_EXERCISE DIRECTIONS_
Your copy should match the records exactly, except that no pictures appear in it.

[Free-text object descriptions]
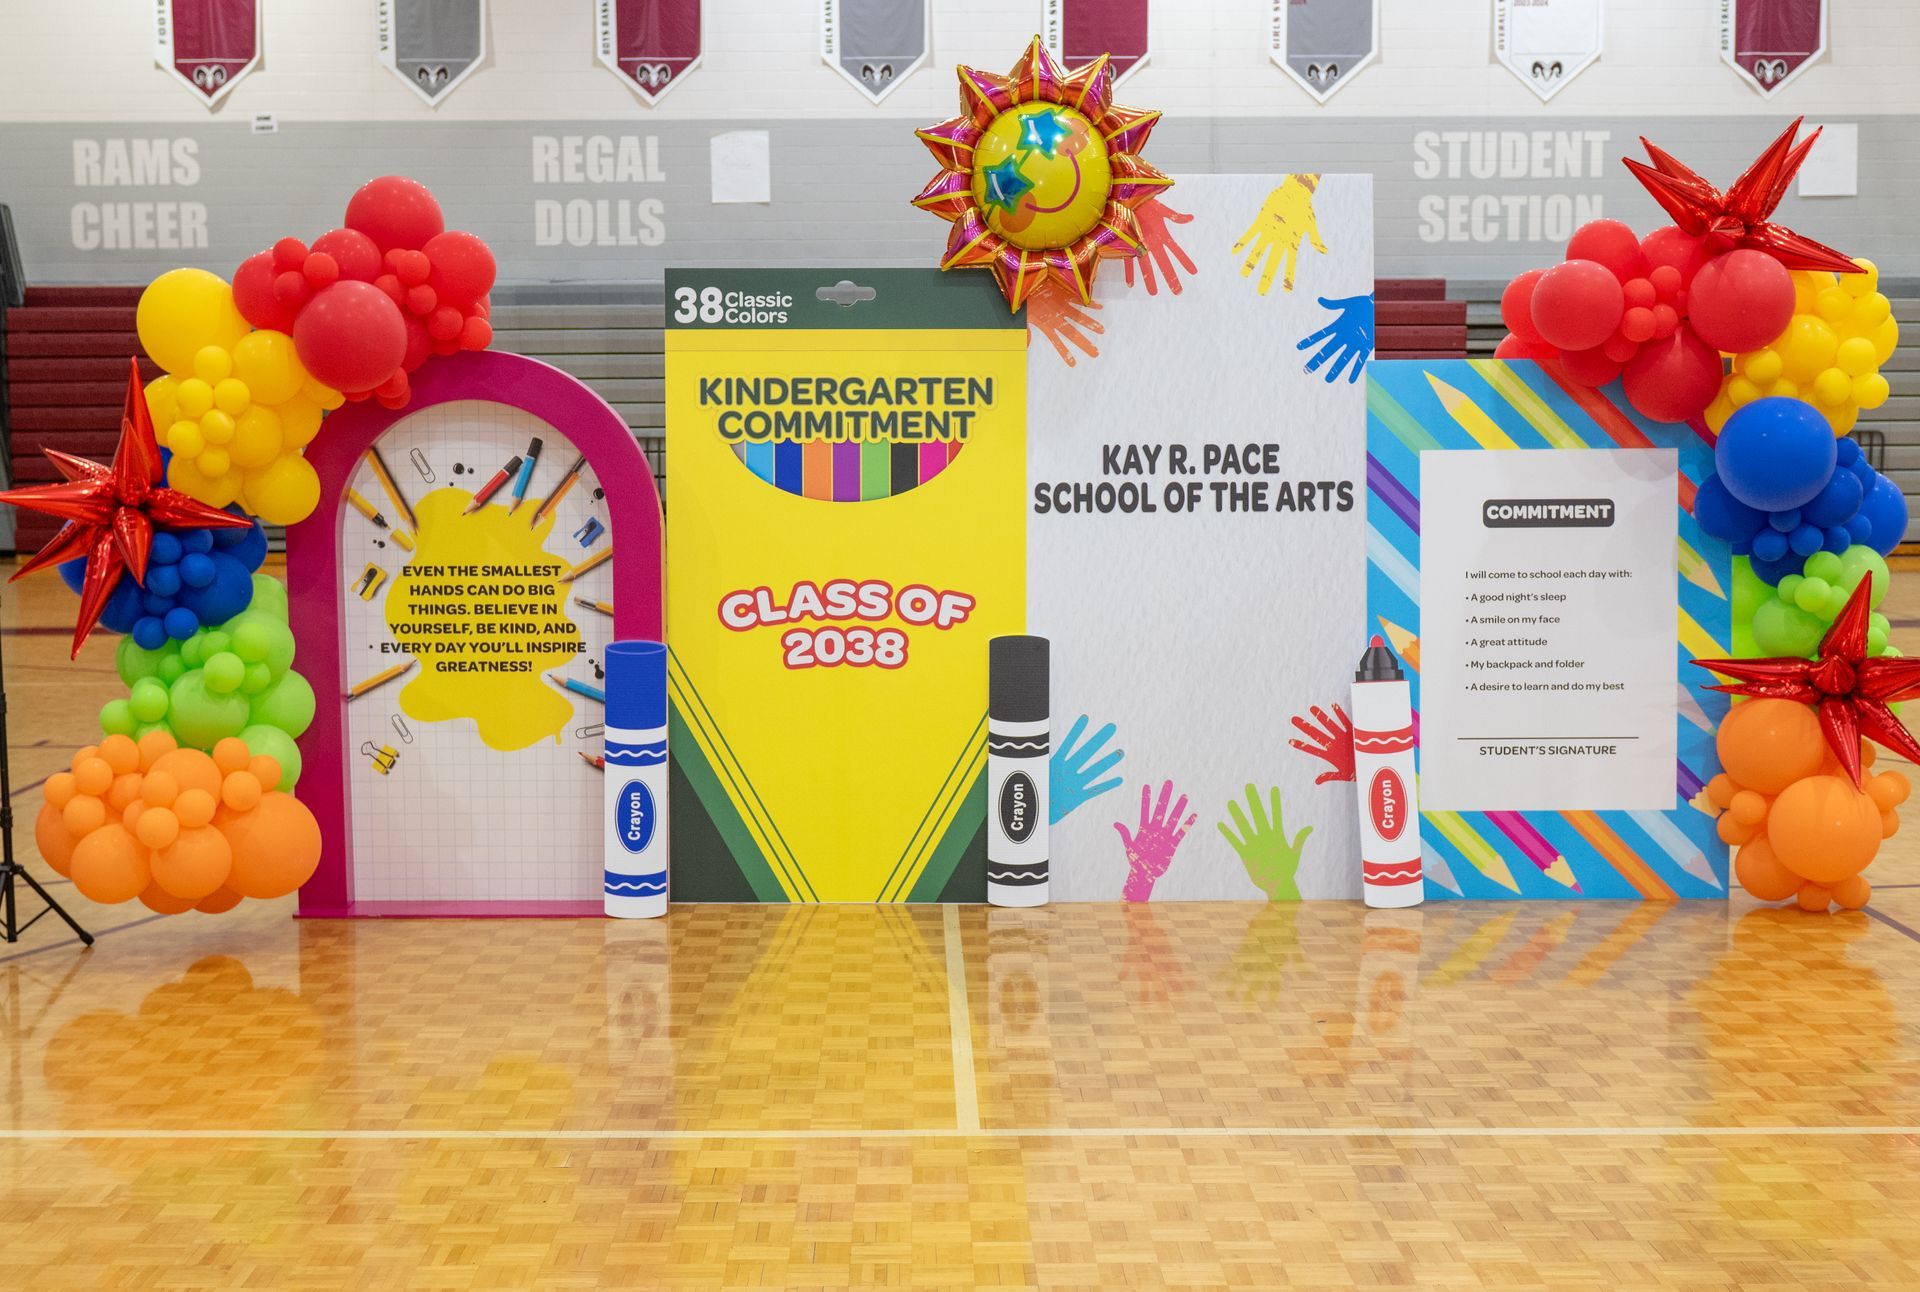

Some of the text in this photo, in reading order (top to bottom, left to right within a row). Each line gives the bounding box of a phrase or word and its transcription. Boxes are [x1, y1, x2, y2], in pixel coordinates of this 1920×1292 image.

[72, 137, 201, 186] RAMS
[532, 135, 666, 183] REGAL
[1413, 131, 1610, 179] STUDENT
[71, 201, 209, 250] CHEER
[535, 199, 666, 247] DOLLS
[1418, 194, 1603, 243] SECTION
[674, 286, 724, 324] 38
[724, 291, 793, 308] Classic
[724, 308, 788, 324] Colors
[699, 377, 993, 406] KINDERGARTEN
[717, 410, 976, 439] COMMITMENT
[1102, 443, 1280, 475] KAY R. PACE
[1034, 481, 1354, 514] SCHOOL OF THE ARTS
[1486, 504, 1612, 520] COMMITMENT
[402, 565, 561, 577] EVEN THE SMALLEST
[1465, 570, 1633, 580] I will come to school each day with:
[410, 584, 556, 596] HANDS CAN DO BIG
[1471, 592, 1567, 603] A good night's sleep
[408, 603, 558, 615] THINGS. BELIEVE IN
[719, 580, 974, 630] CLASS OF
[390, 623, 577, 635] YOURSELF, BE KIND, AND
[1471, 616, 1478, 624] A
[1480, 615, 1506, 624] smile
[1521, 617, 1537, 625] my
[1538, 615, 1560, 624] face
[380, 642, 587, 653] EVERY DAY YOU'LL INSPIRE
[783, 628, 907, 667] 2038
[1470, 638, 1548, 648] A great attitude
[436, 661, 533, 673] GREATNESS!
[1470, 659, 1585, 670] My backpack and folder
[1470, 682, 1625, 692] A desire to learn and do my best
[1479, 745, 1617, 756] STUDENT'S SIGNATURE
[1010, 783, 1027, 831] Crayon
[1382, 779, 1396, 829] Crayon
[627, 792, 644, 841] Crayon
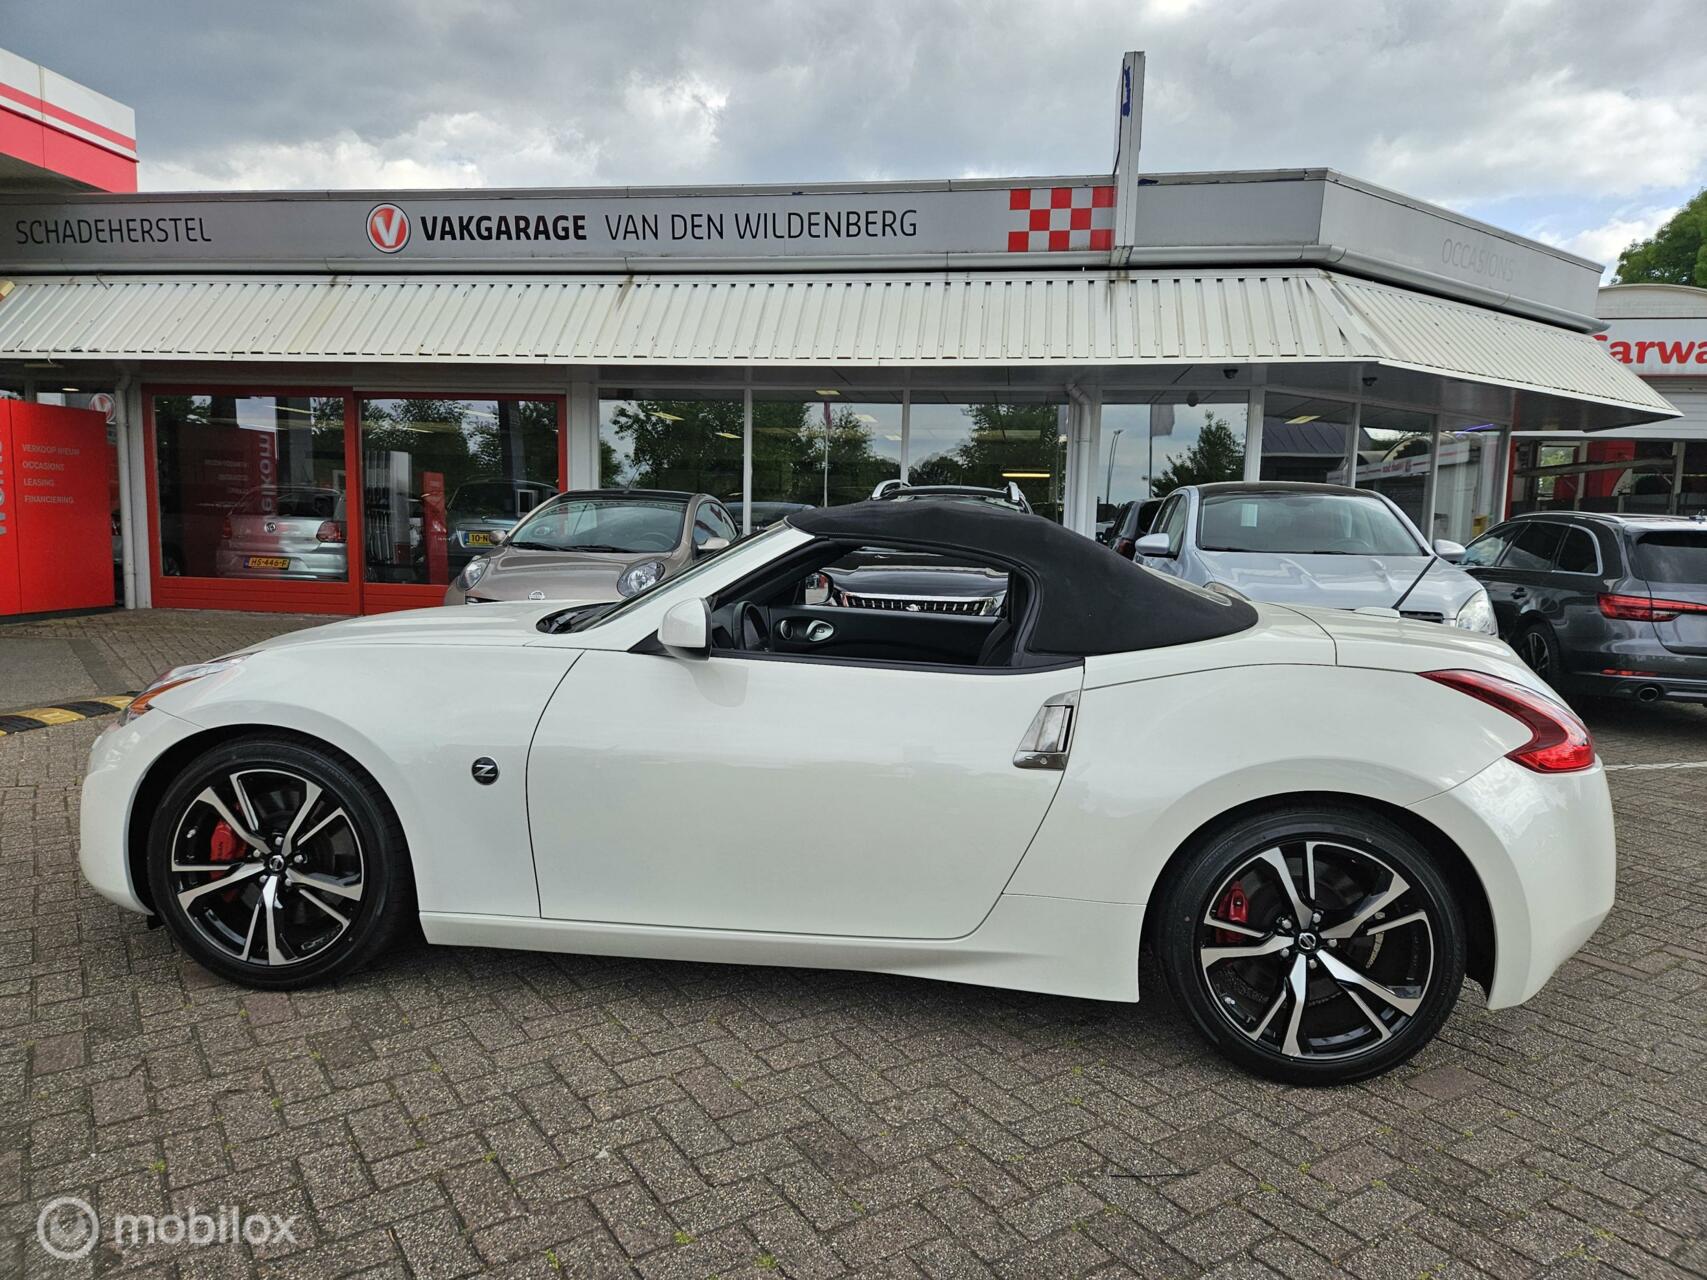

_ANSWER TO THIS TASK_
Some of the text in this photo, in reading order (top to bottom, left to right within a row). Each line gives the bounding box of a phrase or word and its transcription. Boxes are [x1, y1, x2, y2], in pixel coordinates of this 1920×1292 image.

[72, 137, 201, 186] RAMS
[532, 135, 666, 183] REGAL
[1413, 131, 1610, 179] STUDENT
[71, 201, 209, 250] CHEER
[535, 199, 666, 247] DOLLS
[1418, 194, 1603, 243] SECTION
[674, 286, 724, 324] 38
[724, 291, 793, 308] Classic
[724, 308, 788, 324] Colors
[699, 377, 993, 406] KINDERGARTEN
[717, 410, 976, 439] COMMITMENT
[1102, 443, 1280, 475] KAY R. PACE
[1034, 481, 1354, 514] SCHOOL OF THE ARTS
[1486, 504, 1612, 520] COMMITMENT
[402, 565, 561, 577] EVEN THE SMALLEST
[1465, 570, 1633, 580] I will come to school each day with:
[410, 584, 556, 596] HANDS CAN DO BIG
[1471, 592, 1567, 603] A good night's sleep
[408, 603, 558, 615] THINGS. BELIEVE IN
[719, 580, 974, 630] CLASS OF
[390, 623, 577, 635] YOURSELF, BE KIND, AND
[1471, 616, 1478, 624] A
[1480, 615, 1506, 624] smile
[1521, 617, 1537, 625] my
[1538, 615, 1560, 624] face
[380, 642, 587, 653] EVERY DAY YOU'LL INSPIRE
[783, 628, 907, 667] 2038
[1470, 638, 1548, 648] A great attitude
[436, 661, 533, 673] GREATNESS!
[1470, 659, 1585, 670] My backpack and folder
[1470, 682, 1625, 692] A desire to learn and do my best
[1479, 745, 1617, 756] STUDENT'S SIGNATURE
[1010, 783, 1027, 831] Crayon
[1382, 779, 1396, 829] Crayon
[627, 792, 644, 841] Crayon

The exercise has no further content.